When our eyes meet I’m frozen, so many thoughts flitting through my mind, the most prevalent one is that he came back to me. Colton is awake and alive and back with me. Our eyes remain locked and I can see the confusion flicker through his at a lightning pace and the unknown warring within.
“Hi there,” I offer on a shaky smile, and I’m not sure why a part of me is nervous. Colton licks his lips and closes his eyes momentarily which causes me to panic that he’s been pulled back under. To my relief he reopens them with a squint and parts his mouth to speak, but nothing comes out.
“Shh-Shh,” I tell him, reaching out and resting my finger on his lips. “There was an accident.” His brow furrows as he tries to lift his hand but can’t, as if it’s a dead weight. He tries to angle his eyes up to figure out the thick bandages surrounding his head. “You had surgery.” His eyes widen with trepidation and I mentally chastise myself for fumbling over my words and not being clearer. The monitor beside me beeps at an accelerated pace, the noise dominating the room. “You’re okay now. You came back to me.” I can see him struggle to comprehend, and I wait for something to spark in his eyes but there is nothing. “I’m going to get the nurse.”

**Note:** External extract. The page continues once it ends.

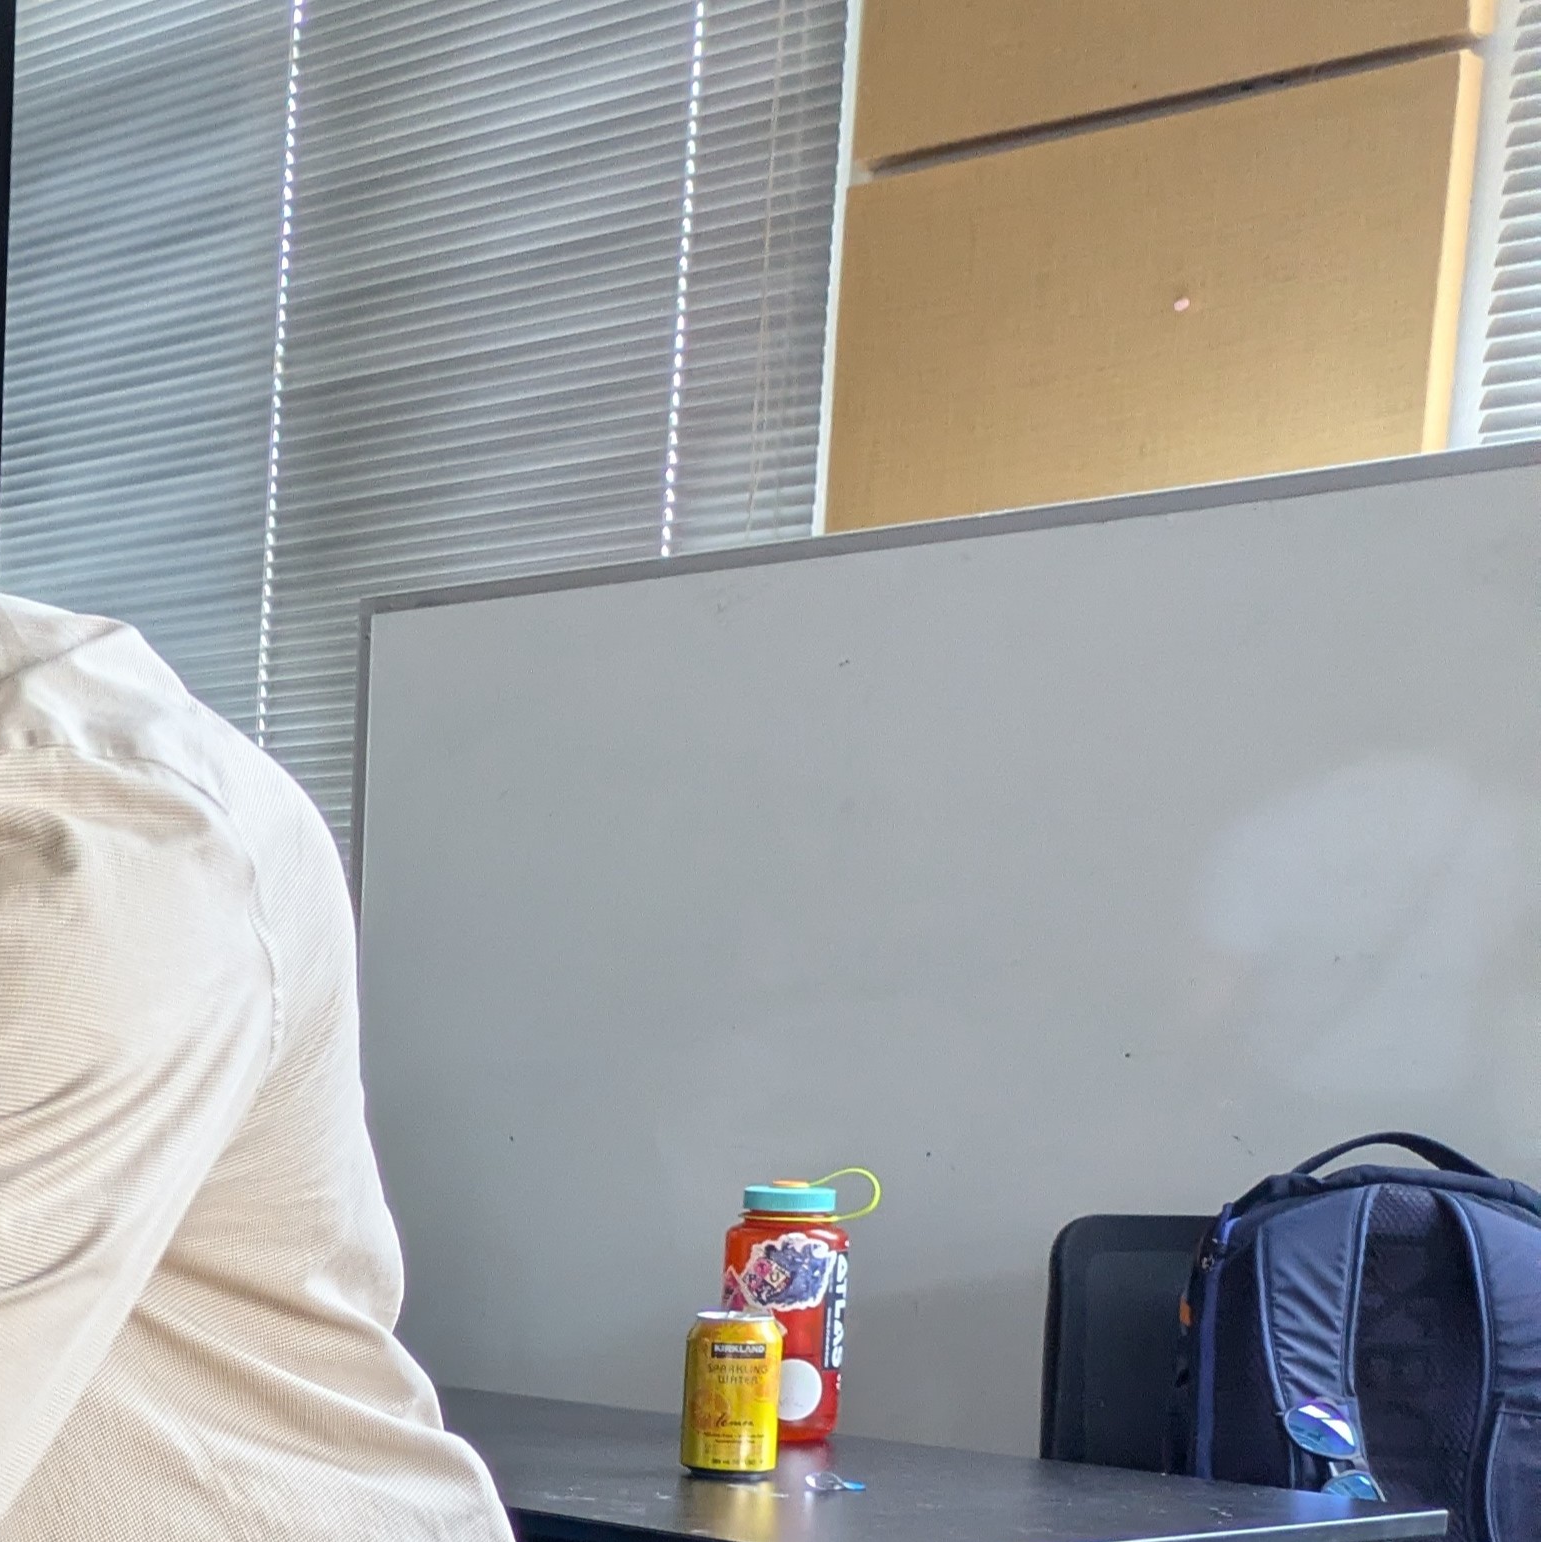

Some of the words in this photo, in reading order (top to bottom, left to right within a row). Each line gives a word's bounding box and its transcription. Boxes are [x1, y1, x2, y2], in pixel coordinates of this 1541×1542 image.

[831, 1254, 849, 1369] ATLAS
[713, 1344, 765, 1353] KIRKLAND
[708, 1362, 769, 1375] SPARKLING
[718, 1375, 759, 1385] WATER

I reach out to pull myself off the bed and Colton’s hand that’s lying on the mattress clasps around my wrist. He shakes his head and winces with the movement. I immediately reach out to him and cradle his face with one hand, his skin paling and beads of sweat appearing on the bridge of his nose.

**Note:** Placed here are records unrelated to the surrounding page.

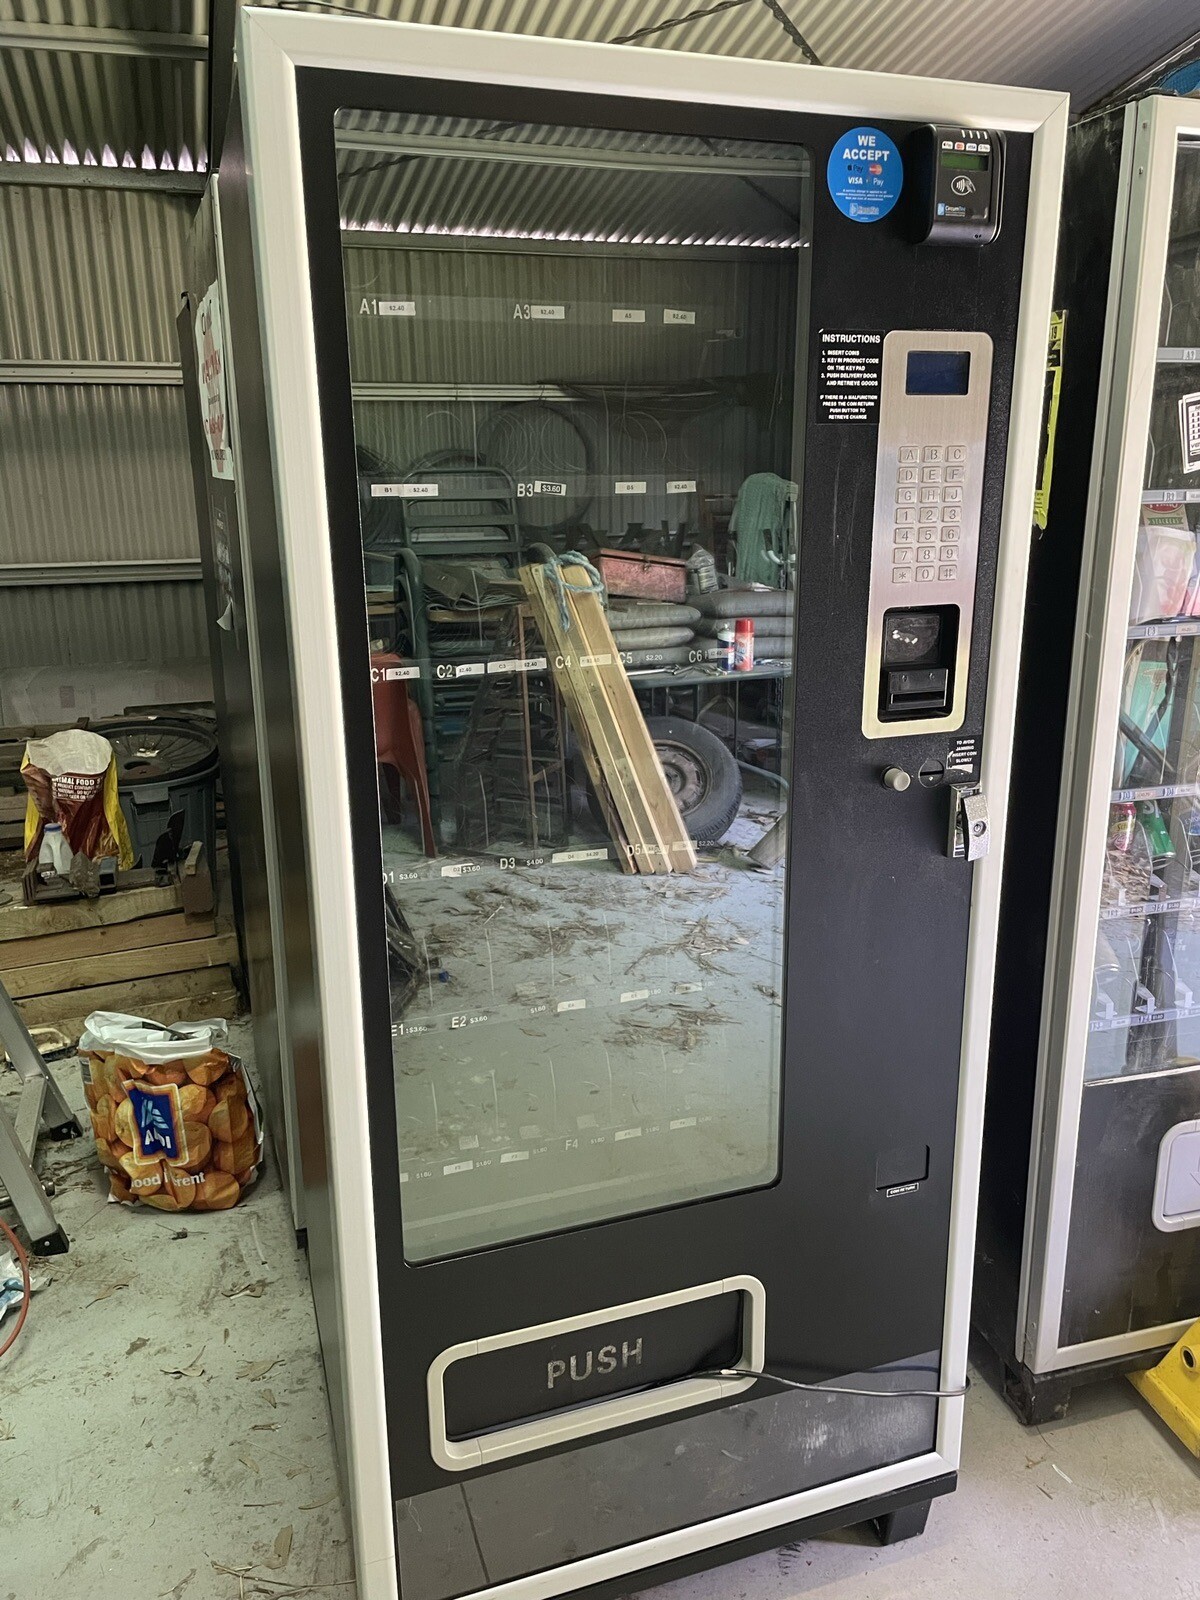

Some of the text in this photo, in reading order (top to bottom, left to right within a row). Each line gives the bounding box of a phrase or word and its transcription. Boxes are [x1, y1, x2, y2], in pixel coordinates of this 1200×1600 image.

[857, 134, 876, 147] WE
[842, 148, 890, 162] ACCEPT
[848, 176, 863, 184] VISA
[873, 178, 885, 188] Pay
[360, 298, 377, 314] A1
[514, 304, 530, 320] A3
[822, 334, 880, 344] INSTRUCTIONS
[906, 450, 914, 460] A
[930, 450, 938, 460] B
[954, 449, 961, 459] C
[905, 470, 912, 480] D
[929, 470, 935, 480] E
[952, 469, 960, 479] F
[517, 483, 561, 497] B3 $3.60
[927, 490, 934, 500] H
[951, 490, 958, 500] J
[905, 491, 911, 501] G
[904, 511, 908, 521] 1
[926, 510, 933, 520] 2
[950, 510, 956, 520] 3
[902, 531, 908, 541] 4
[925, 530, 932, 540] 5
[948, 529, 954, 539] 6
[901, 551, 907, 560] 7
[924, 550, 930, 560] 8
[946, 549, 953, 559] 9
[922, 569, 929, 579] 0
[944, 568, 952, 578] #
[619, 652, 633, 664] C5
[688, 650, 702, 663] C6
[556, 655, 571, 669] C4
[370, 668, 385, 682] C1
[437, 664, 453, 678] C2
[627, 844, 640, 856] D5
[500, 858, 516, 869] D3
[452, 1016, 466, 1028] E2
[392, 1024, 404, 1037] E1
[566, 1138, 579, 1150] F4
[546, 1337, 643, 1390] PUSH

“Don’t move, okay?” My voice breaks when I say it, as my eyes travel the lines of his face searching to see if he’s hurt anything. As if I would know if he had.
He nods just barely and whispers in an almost absent voice, “Hurts.”
“I know it does,” I tell him as I reach across the bed and push the call button for the nurse as the hope deep within me settles into possibility. “Let me get a nurse to help with the pain, okay?”
“Ry …” His voice breaks again as the fear in it splinters in my heart. I do the only thing I know might reassure him. I lean forward and brush my lips to his cheek and just hold them there momentarily while I control the rush of emotions that hit me like a tsunami. Tears drip down my cheeks and onto his as the silent sobs surge through me. I hear a soft sigh and when I pull back, his eyes are closed and his mind lost to the blackness behind them once again.
“Is everything okay?” The nurse pulls me from my moment.
I look over at her, Colton’s face still cradled in my hand and my tears staining his lips. “He woke up …” I can’t say anything else because relief robs my words. “He woke up.”
Colton comes in and out of consciousness a couple more times over the next few days. Small moments of lucidity among a haze of confusion. Each time he tries to talk without success, and each time we try to soothe—what we assume from his racing heartbeat—are his fears, in the few minutes we have with him.